How were we going to tell them of Father's edict? How were we going to remind ourselves? But we spoke not one word about the proposed disaster, and Richard wrote to his firm to say that we should not be back in London till Fall.
He was finding a wealth of classical material in the old volumes that had belonged to Uncle Baxter, and I had set up my writing in the little study that opened off the library which I had all to myself.
Never had I known such peace and quiet. It seemed the atmosphere of Rampling Gate permeated my simplest written descriptions and wove its way richly into the plots and characters I created. The Monday after our arrival I had finished my first short story and went off to the village on foot to boldly post it to the editors of
Blackwood's Magazine.
It was a glorious morning, and I took my time as I came back on foot.
What had disturbed our father so about this lovely corner of England, I wondered?
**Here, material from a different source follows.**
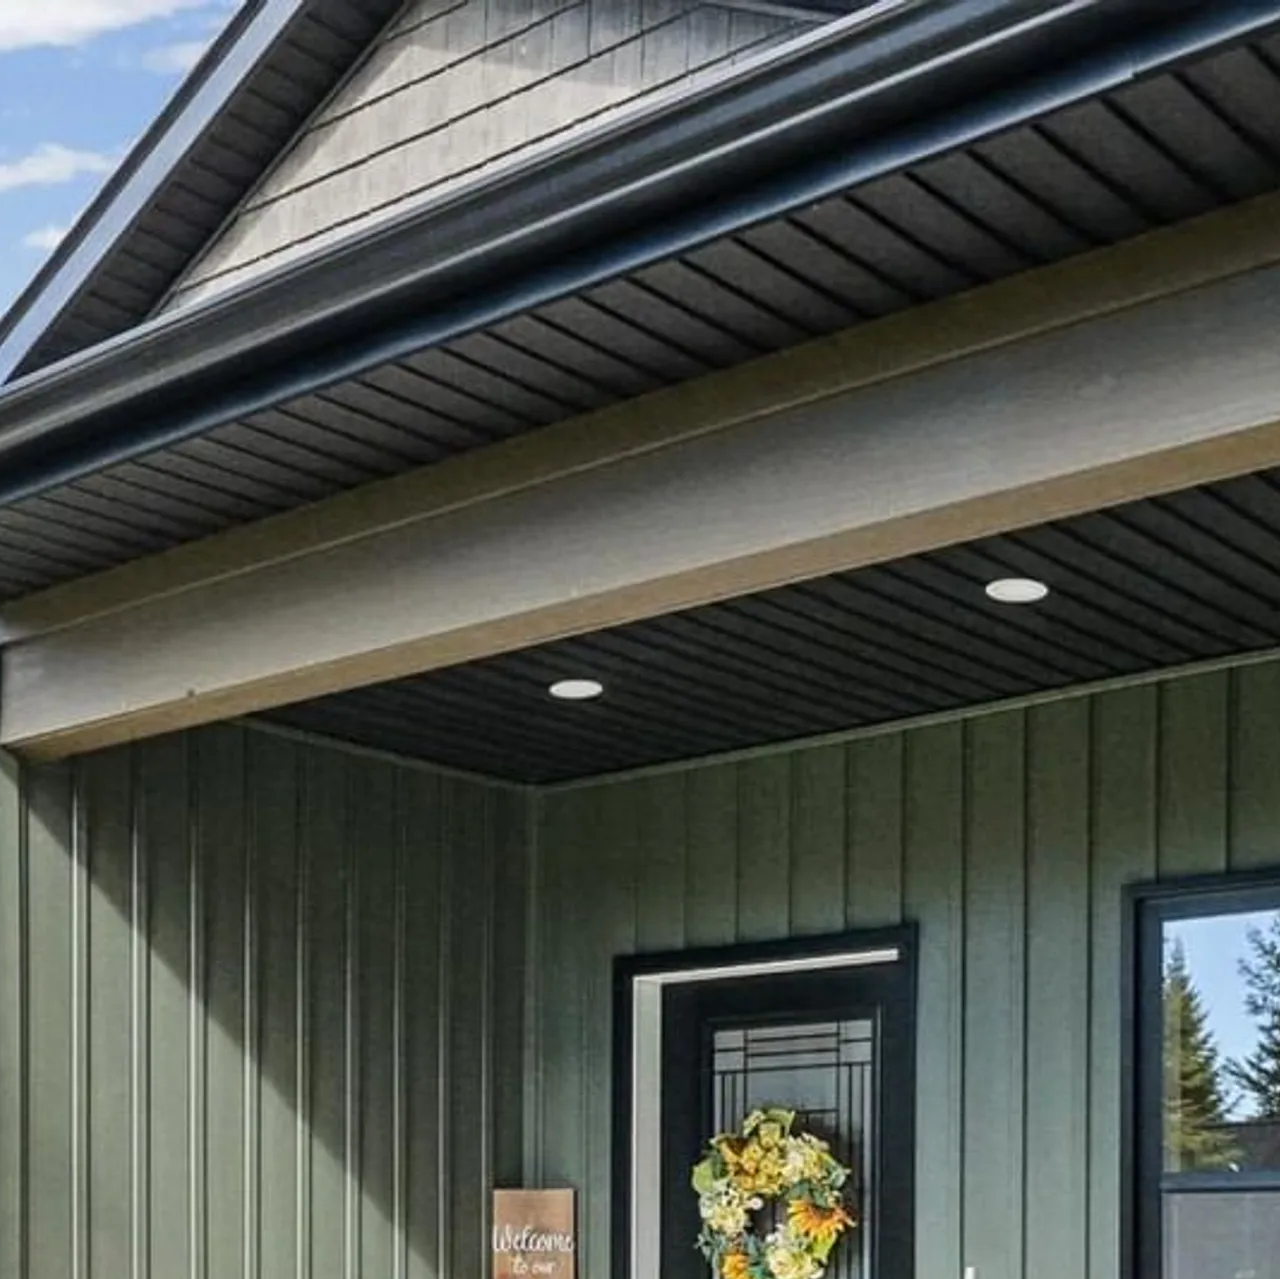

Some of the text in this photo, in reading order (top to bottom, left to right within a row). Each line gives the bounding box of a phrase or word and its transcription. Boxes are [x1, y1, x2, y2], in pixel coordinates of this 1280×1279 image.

[493, 1224, 574, 1252] Welcome
[512, 1253, 556, 1275] to our
What had so darkened his last hours that he laid upon this spot his curse?
My heart opened to this unearthly stillness, to an undeniable grandeur that caused me utterly to forget myself. There were times here when I felt I was a disembodied intellect drifting through a fathomless silence, up and down garden paths and stone corridors that had witnessed too much to take cognizance of one small and fragile young woman who in random moments actually talked aloud to the suits of armour around her, to the broken statues in the garden, the fountain cherubs who had not had water to pour from their conches for years and years.
But was there in this loveliness some malignant force that was eluding us still, some untold story to explain all? Unspeakable horror… In my mind's eye I saw that young man, and the strangest sensation crept over me, that some enrichment of the picture had taken place in my memory or imagination in the recent past. Perhaps in a dream I had re-invented him, given a ruddy glow to his lips and his cheeks. Perhaps in my re-creation for Mrs. Blessington, I had allowed him to raise his hand to that red cravat and had seen the fingers long and delicate and suggestive of a musician's hand.
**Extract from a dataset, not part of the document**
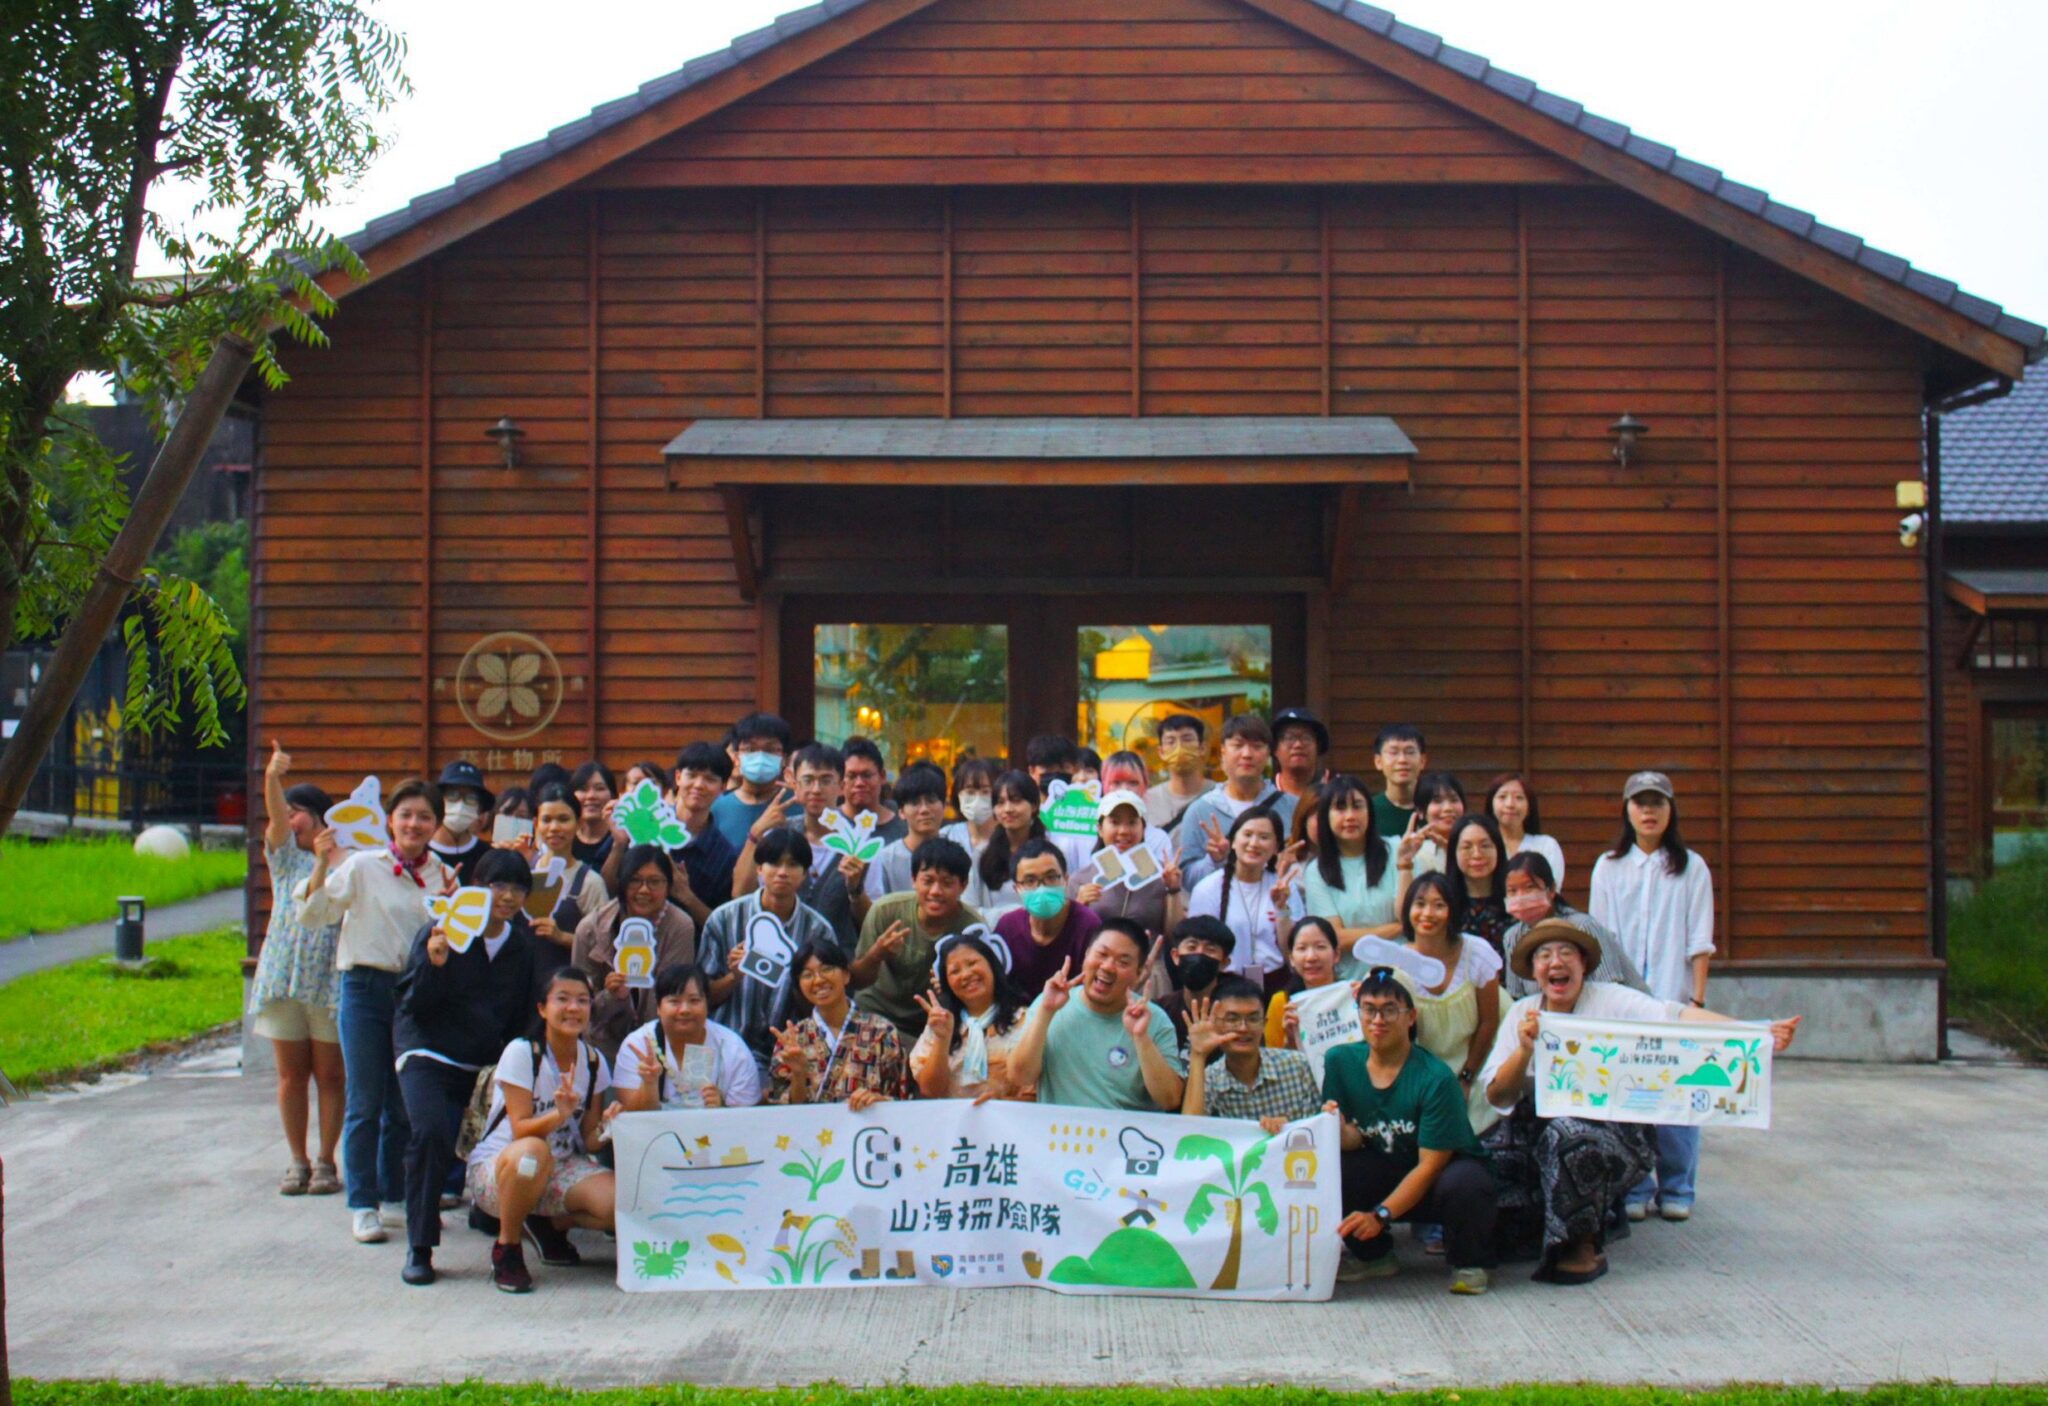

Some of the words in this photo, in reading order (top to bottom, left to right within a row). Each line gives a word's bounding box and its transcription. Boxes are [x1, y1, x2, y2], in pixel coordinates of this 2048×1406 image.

[943, 1137, 1019, 1188] 高雄
[889, 1197, 1062, 1236] 山海探險隊
It was all very much on my mind when I entered the house again, soundlessly, and saw Richard in his favorite leather wing chair by the fire.
The air was warm coming through the open garden doors, and yet the blaze was cheerful, made the vast room with its towering shelves of leatherbound volumes appear inviting and almost small.
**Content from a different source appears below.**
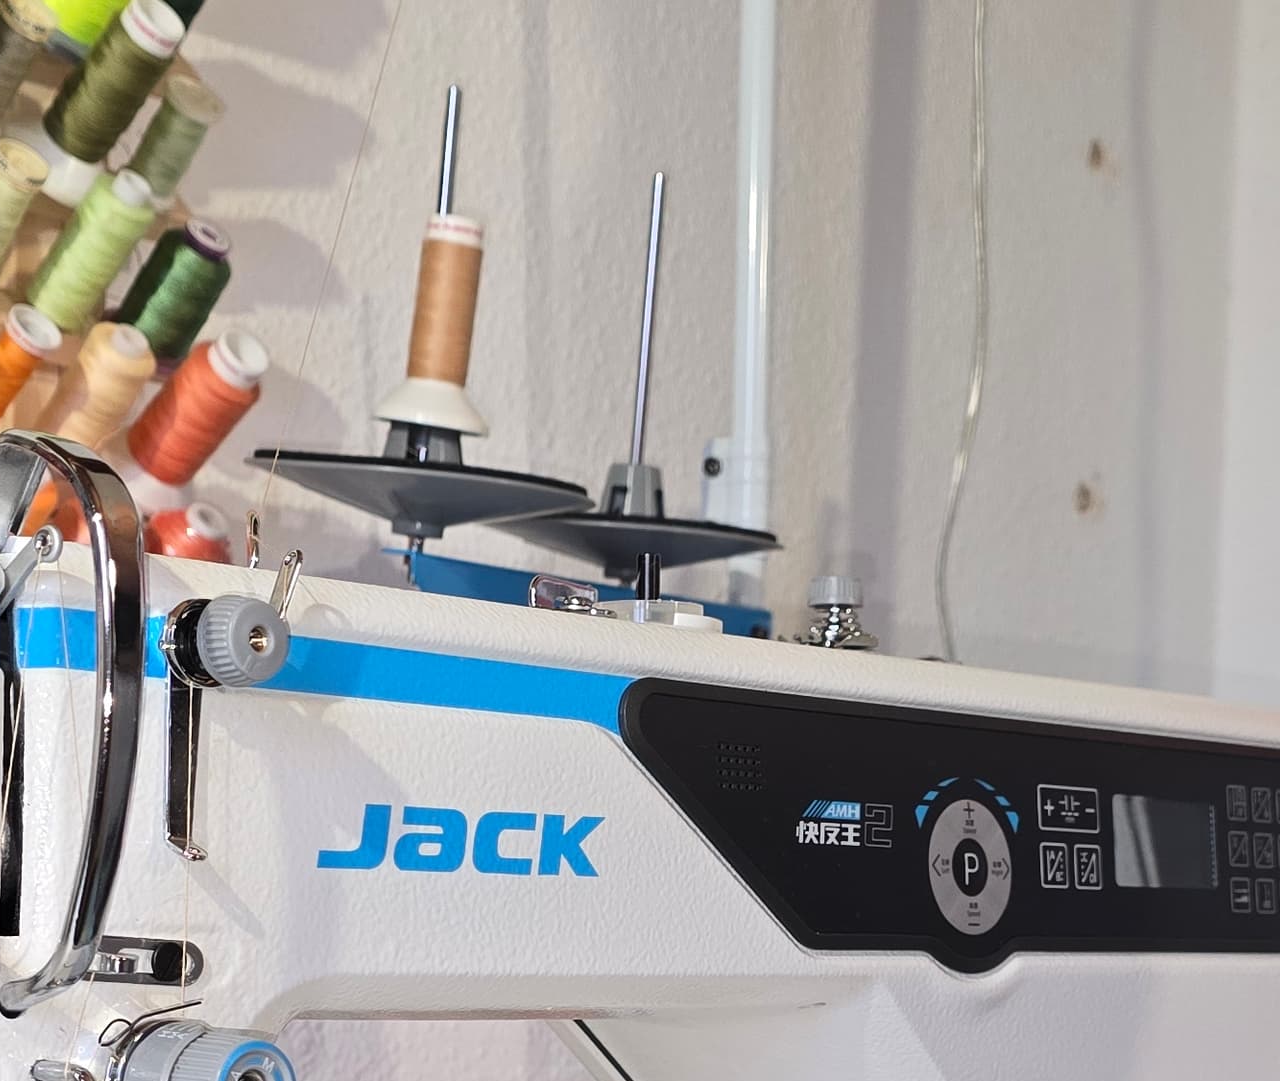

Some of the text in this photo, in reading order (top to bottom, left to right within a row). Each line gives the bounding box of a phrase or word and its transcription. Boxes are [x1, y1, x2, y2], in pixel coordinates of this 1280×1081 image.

[825, 803, 860, 819] AMH
[796, 820, 861, 847] 快反王
[963, 852, 979, 886] P
[262, 1057, 275, 1073] M
"Sit down," Richard said gravely, scarcely giving me a glance. "I want to read you something right now." He held a long narrow ledger in his hands. "This was Uncle Baxter's," he said, "and at first I thought it was only an account book he kept during the renovations, but I've found some actual diary entries made in the last weeks of his life. They're hasty, almost indecipherable, but I've managed to make them out."
"Well, do read them to me," I said, but I felt a little tug of fear. I didn't want to know anything terrible about this place. If we could have remained here forever… but that was out of the question, to be sure.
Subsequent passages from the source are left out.